Consider the definition of append/3 with 'iff' instead of 'if':

 append([], Xs, Xs) :- list(Xs). append([X|Xs], Ys, [X|Zs]) :- append(Xs, Ys, Zs). list([]). list([X|Xs]) :- list(Xs). 

The cost of adding two lists now | Xs | + | Ys |. This is quite an overhead compared to | Xs | by oneself.

But the situation is even worse. Consider the query:

 ?- append([1,2], Ys, Zs). ; Ys = [], Zs = [1,2] ; Ys = [_A], Zs = [1,2,_A] ; Ys = [_A,_B], Zs = [1,2,_A,_B] ... 

Thus, we get an infinite number of responses to this request. Compare this to the usual definition:

 ?- append([1,2], Ys, Zs). Zs = [1,2|Ys]. 

Only one answer! It contains all the answers for all the lists plus some odd cases that you observed. Thus, the usual definition for append has better completion properties. In fact, it ends if the first or third argument is a list of known length 1 .

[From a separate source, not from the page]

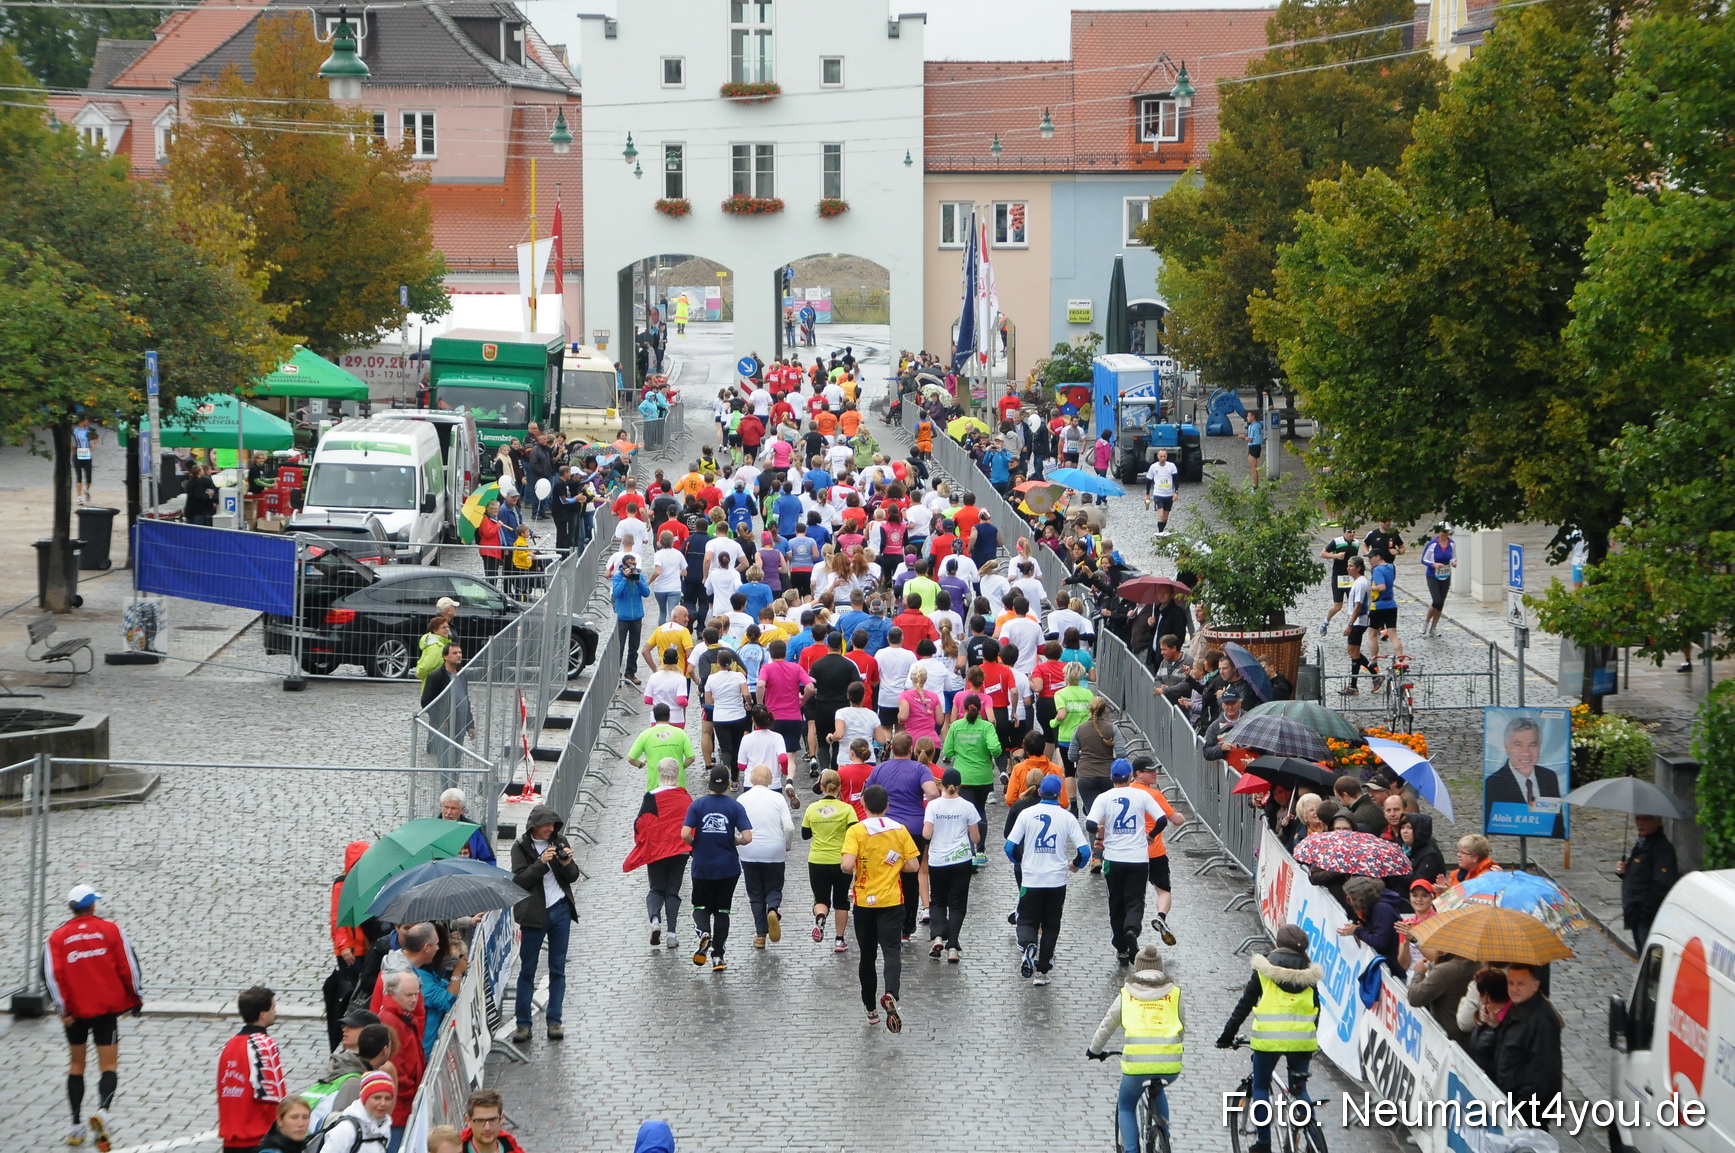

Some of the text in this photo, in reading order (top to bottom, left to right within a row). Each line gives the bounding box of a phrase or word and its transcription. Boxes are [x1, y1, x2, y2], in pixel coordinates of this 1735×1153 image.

Note that the answer contains Ys . Thus, an infinite number of answers can be folded into one. This is actually the power of a boolean variable! We can imagine endless means of infinitely many solutions. The cost of payment is some additional solutions 2 that can lead to programming errors. Therefore, some precaution is required.


1 It also ends in some more obscure cases, such as append([a|_],_,[b|_]) .

2 append([a], Zs, Zs). also gives (in many systems) an answer.